:: Problem details ::
The pictures stay out; all of the data is to be printed exactly.

---

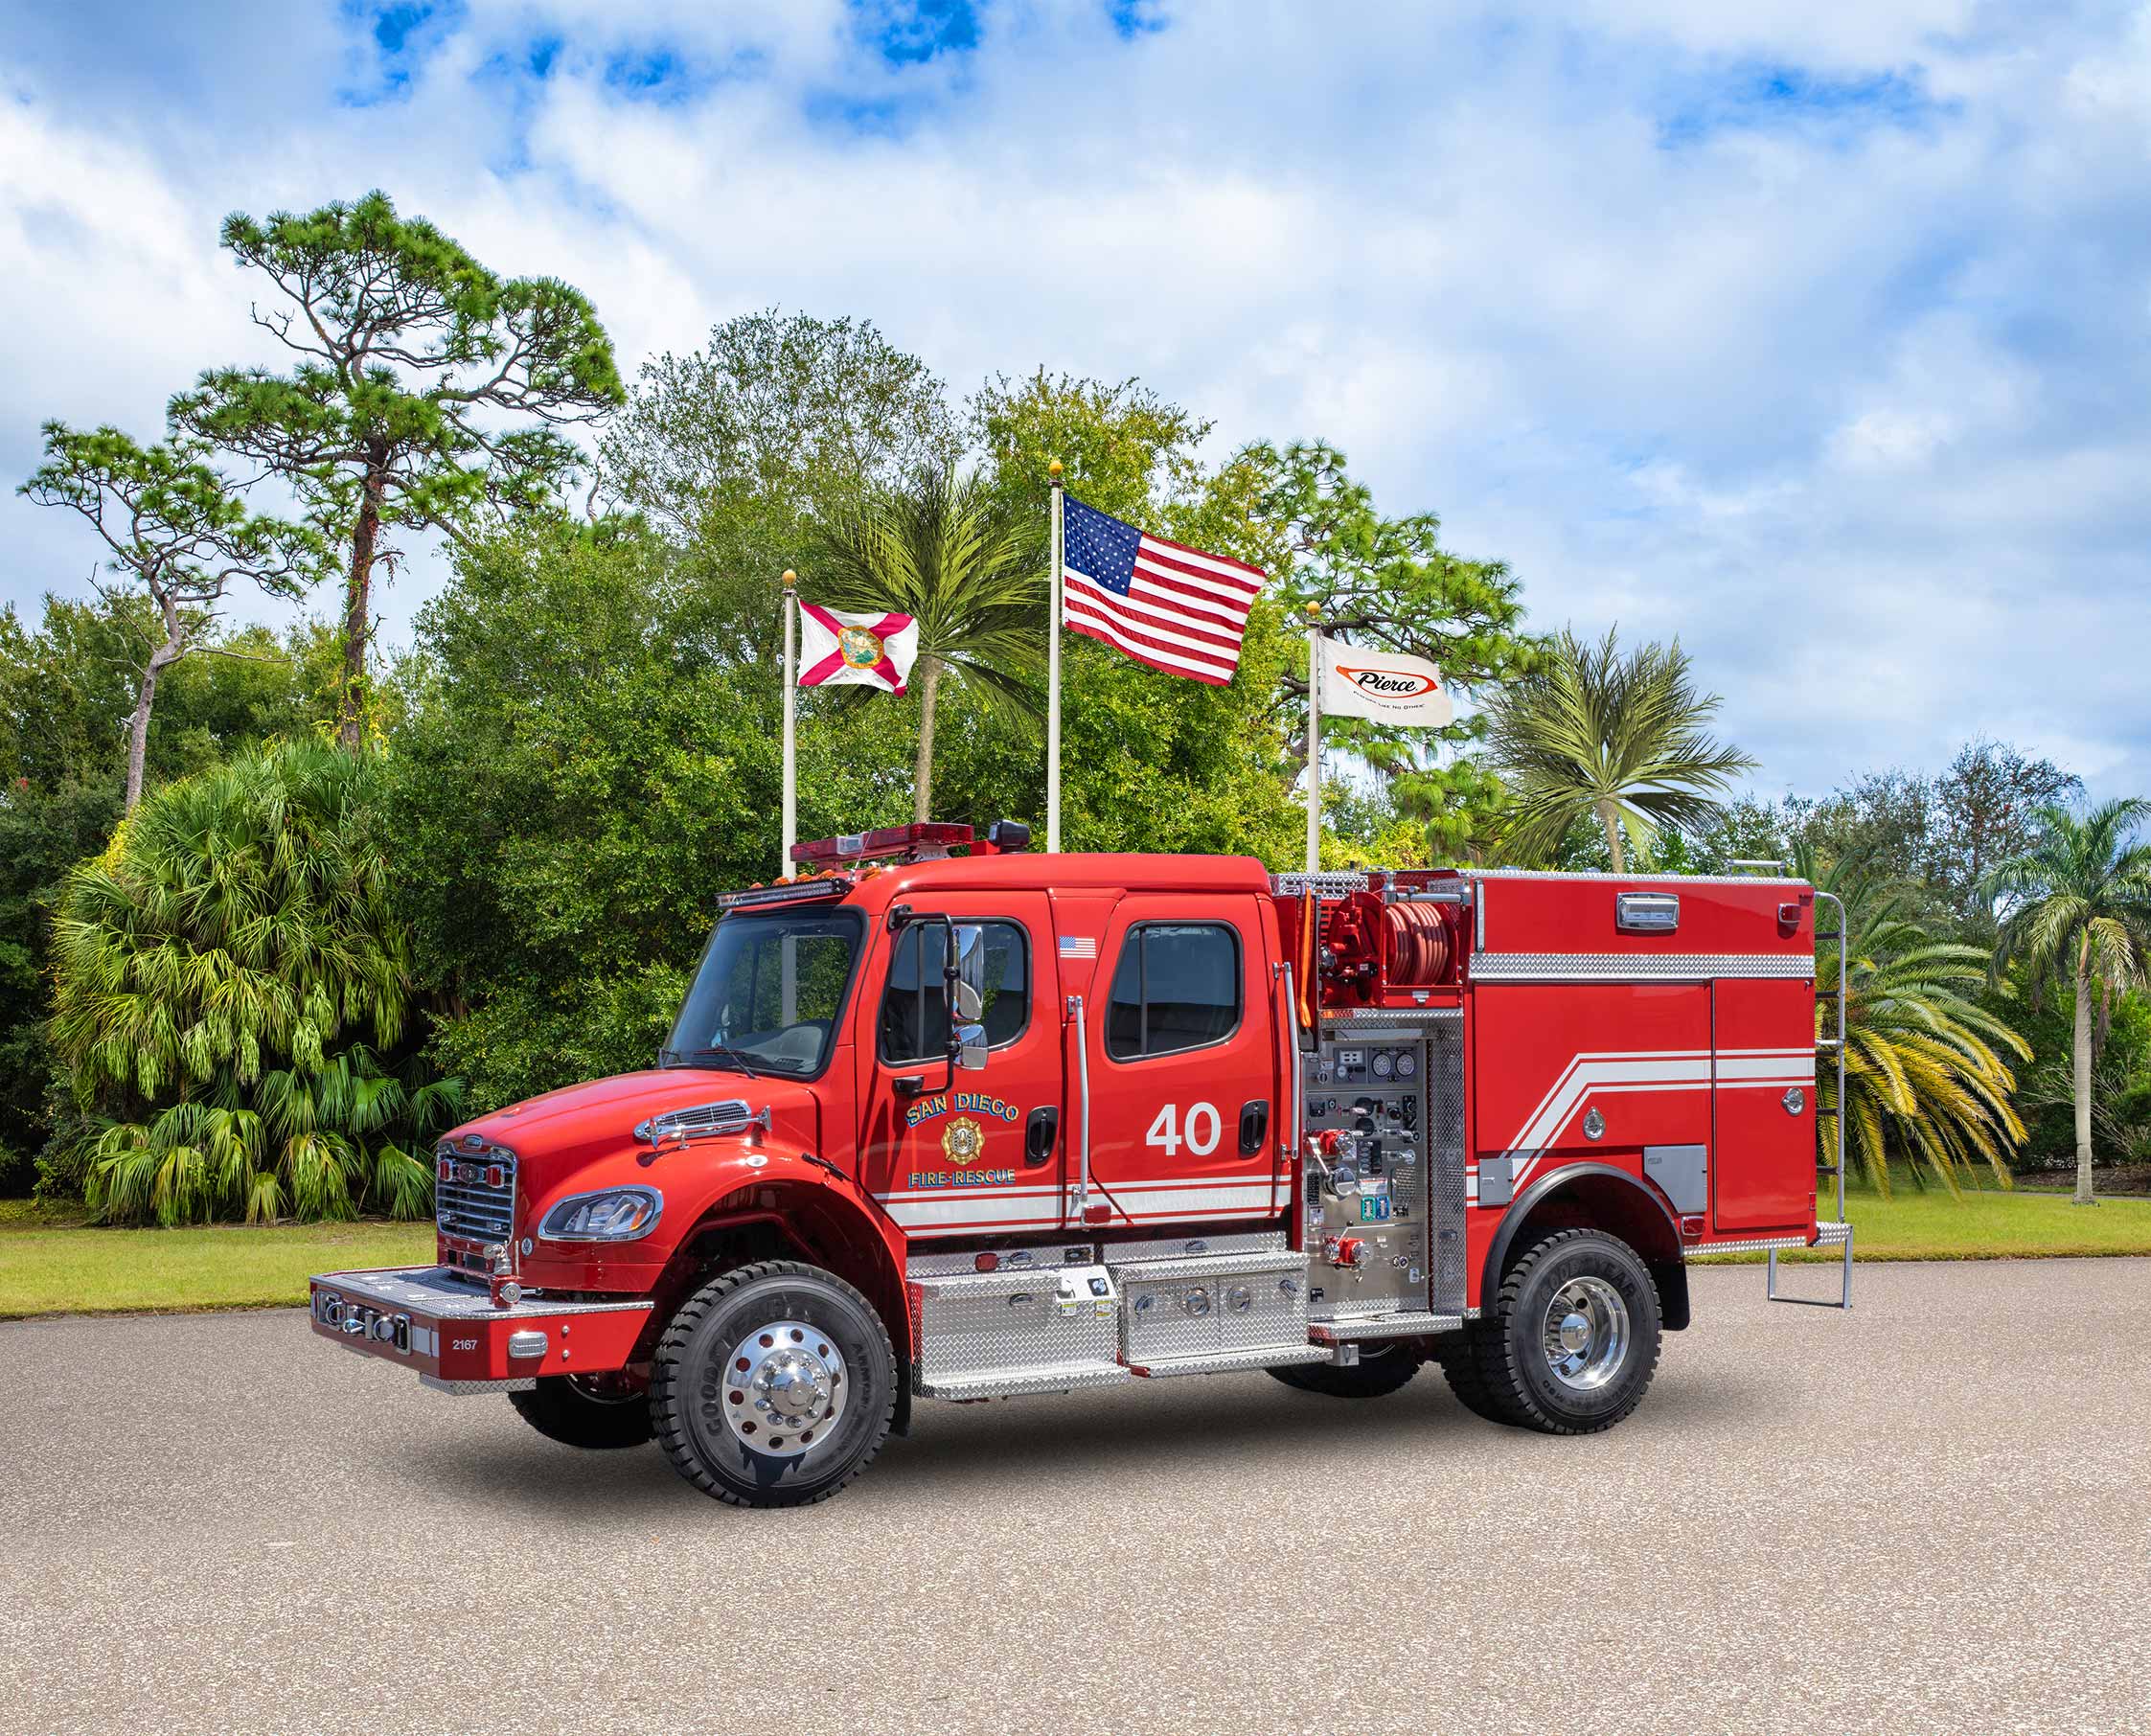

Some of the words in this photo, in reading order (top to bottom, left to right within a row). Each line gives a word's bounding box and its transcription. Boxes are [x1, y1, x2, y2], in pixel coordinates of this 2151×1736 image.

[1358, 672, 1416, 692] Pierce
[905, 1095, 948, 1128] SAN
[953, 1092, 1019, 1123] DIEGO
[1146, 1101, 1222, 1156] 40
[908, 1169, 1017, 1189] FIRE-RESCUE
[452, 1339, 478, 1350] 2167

---

:: Solved problem ::
Some of the words in this photo, in reading order (top to bottom, left to right within a row). Each line gives a word's bounding box and its transcription. Boxes are [x1, y1, x2, y2], in pixel coordinates of this 2151×1736 image.

[1358, 672, 1416, 692] Pierce
[905, 1095, 948, 1128] SAN
[953, 1092, 1019, 1123] DIEGO
[1146, 1101, 1222, 1156] 40
[908, 1169, 1017, 1189] FIRE-RESCUE
[452, 1339, 478, 1350] 2167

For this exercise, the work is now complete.